The data →
┌──

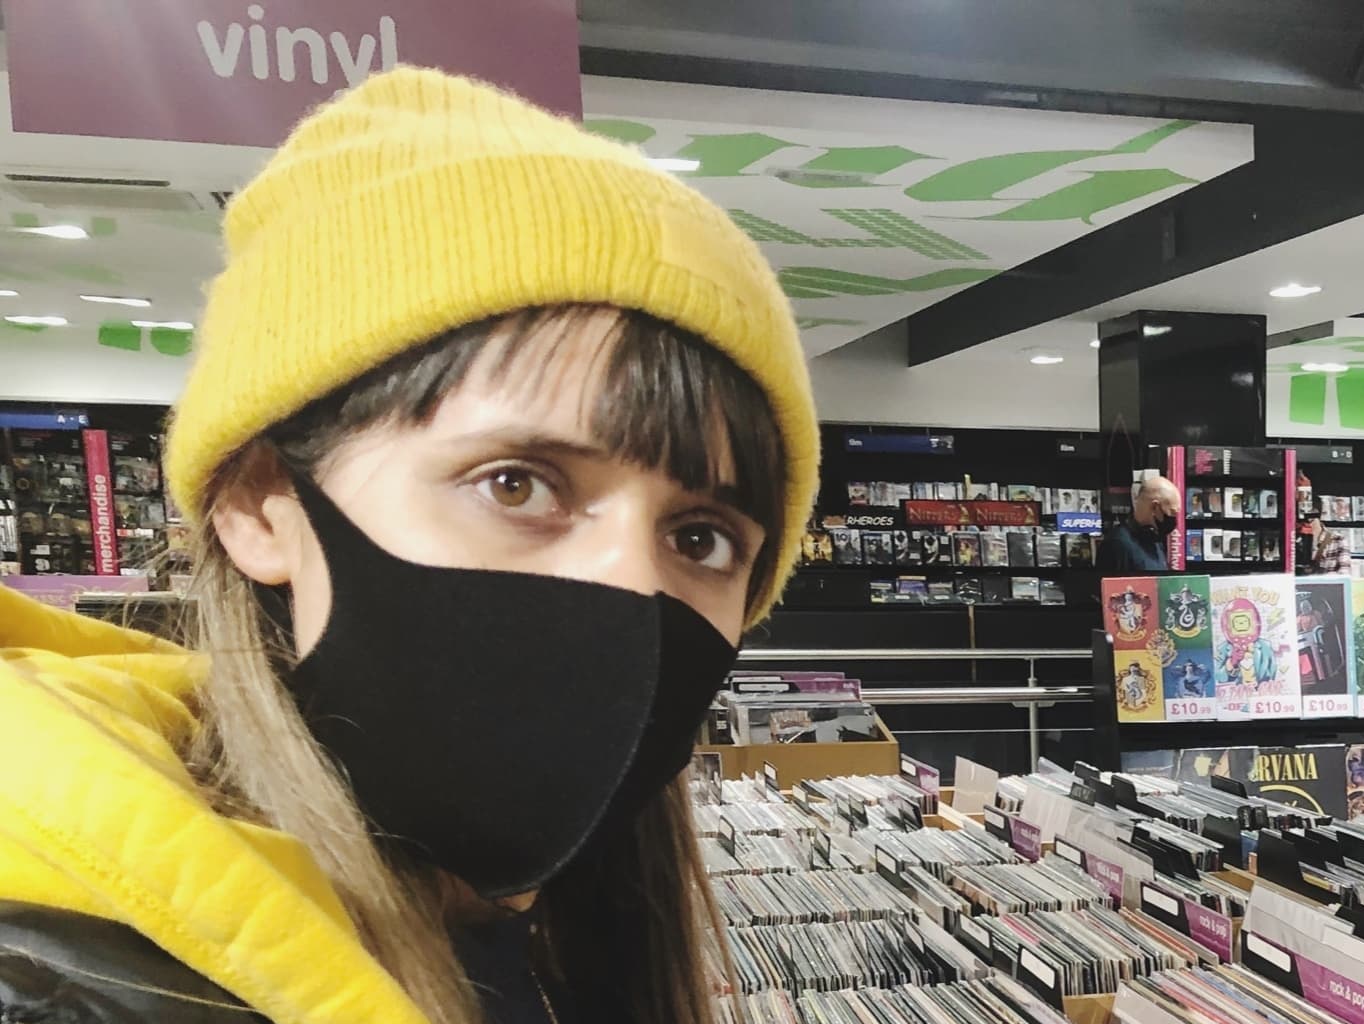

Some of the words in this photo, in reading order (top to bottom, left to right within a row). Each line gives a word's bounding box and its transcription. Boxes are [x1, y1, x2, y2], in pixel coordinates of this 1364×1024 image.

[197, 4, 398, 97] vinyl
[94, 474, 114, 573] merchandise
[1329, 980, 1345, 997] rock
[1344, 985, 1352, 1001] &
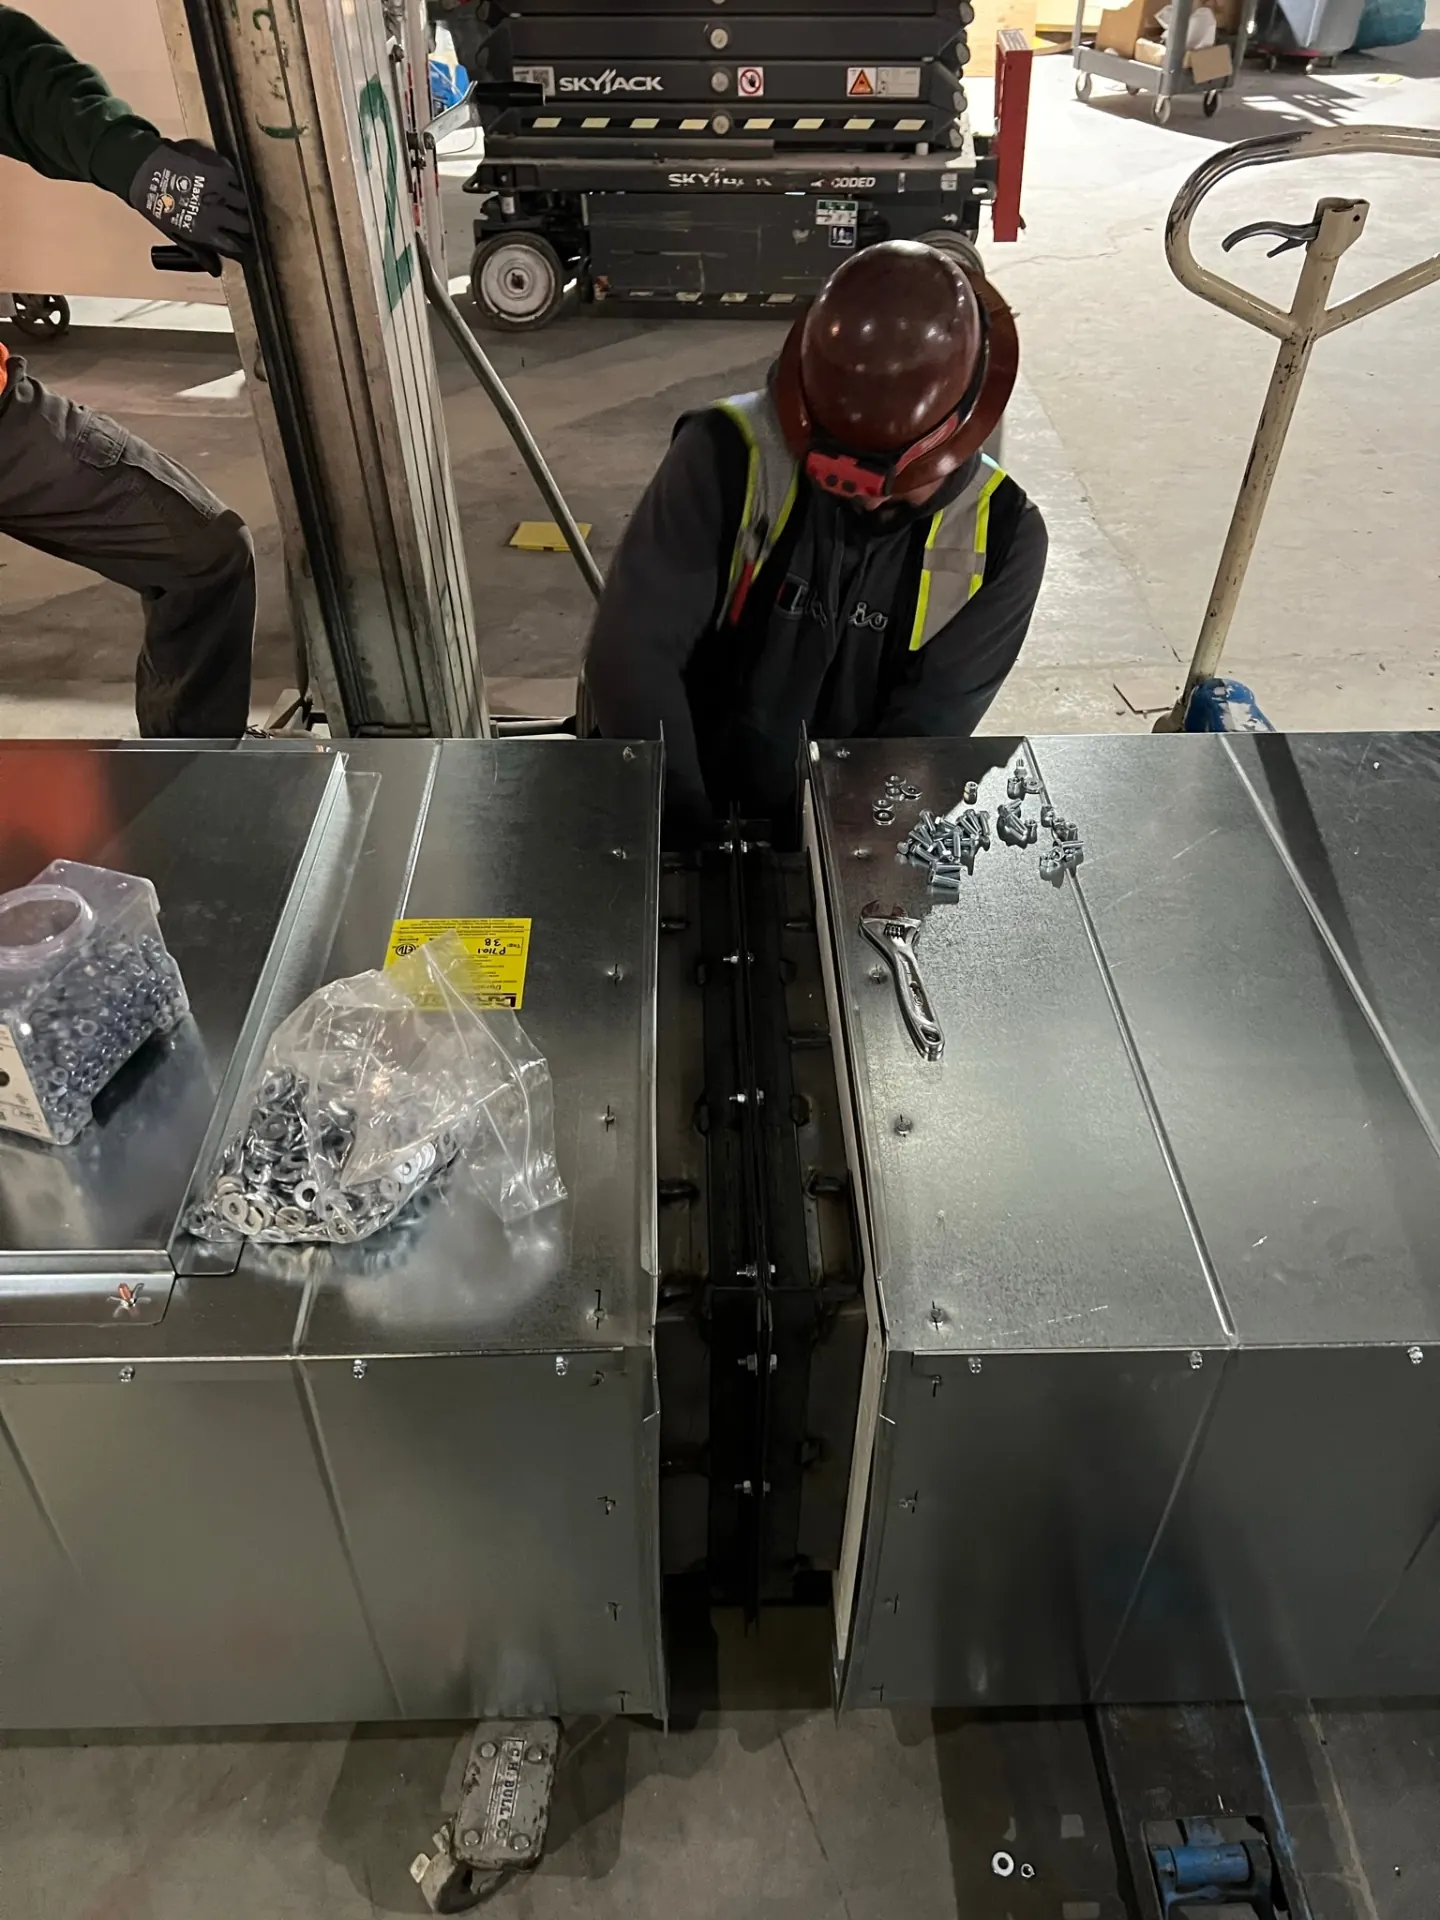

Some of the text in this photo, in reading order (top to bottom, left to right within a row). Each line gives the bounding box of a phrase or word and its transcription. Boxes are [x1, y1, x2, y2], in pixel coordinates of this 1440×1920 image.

└──

Problem details →
The copy must include every record exactly and none of the pictures.

Response to the exercise →
Some of the words in this photo, in reading order (top to bottom, left to right within a row). Each line gives a word's bounding box and its transcription. Boxes are [x1, y1, x2, y2], in pixel coordinates of this 1364×1024 image.

[197, 4, 398, 97] vinyl
[94, 474, 114, 573] merchandise
[1329, 980, 1345, 997] rock
[1344, 985, 1352, 1001] &

Some of the text in this photo, in reading order (top to bottom, left to right within a row). Each line gives the bounding box of a phrase or word and its transcription. Boxes are [x1, y1, x2, y2], in pixel coordinates of this 1440×1920 image.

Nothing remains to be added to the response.